[Task goal] Write out each line below precisely, passing over the pictures.

[Record extracts]
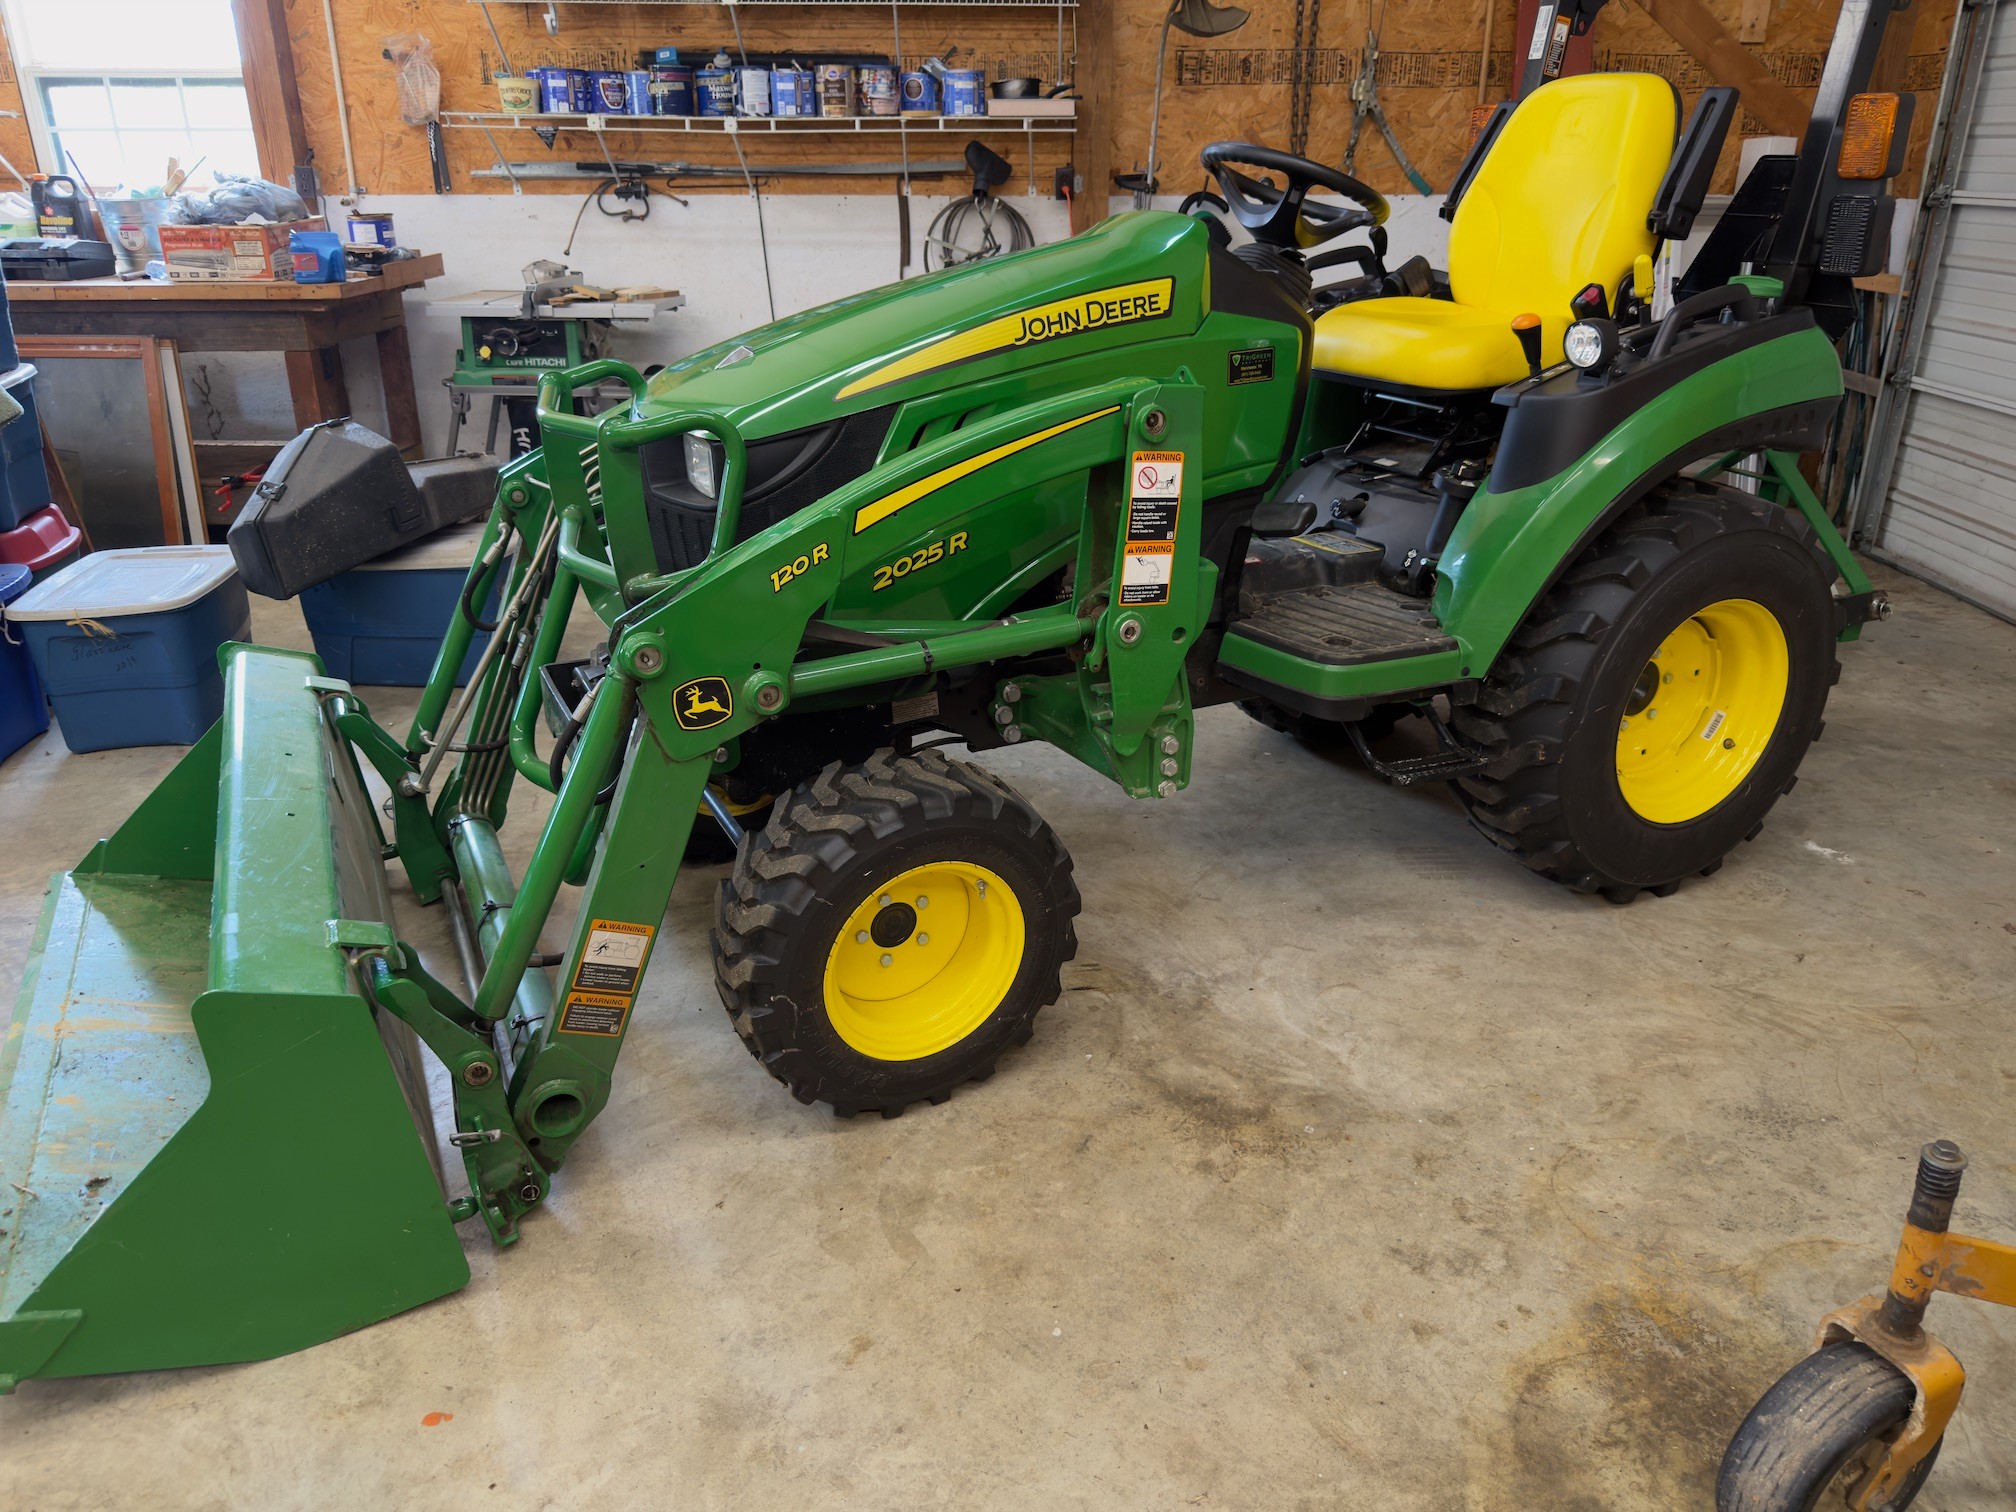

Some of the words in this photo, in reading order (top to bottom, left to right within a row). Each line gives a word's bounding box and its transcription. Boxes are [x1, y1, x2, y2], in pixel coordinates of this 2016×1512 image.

[1014, 307, 1082, 343] JOHN
[1085, 293, 1161, 325] DEERE
[524, 358, 566, 367] HITACHI
[1143, 453, 1182, 461] WARNING
[1135, 545, 1172, 553] WARNING
[609, 922, 647, 934] WARNING
[586, 997, 624, 1006] WARNING

[Written response]
Some of the words in this photo, in reading order (top to bottom, left to right within a row). Each line gives a word's bounding box and its transcription. Boxes are [x1, y1, x2, y2], in pixel coordinates of this 2016×1512 image.

[1014, 307, 1082, 343] JOHN
[1085, 293, 1161, 325] DEERE
[524, 358, 566, 367] HITACHI
[1143, 453, 1182, 461] WARNING
[1135, 545, 1172, 553] WARNING
[609, 922, 647, 934] WARNING
[586, 997, 624, 1006] WARNING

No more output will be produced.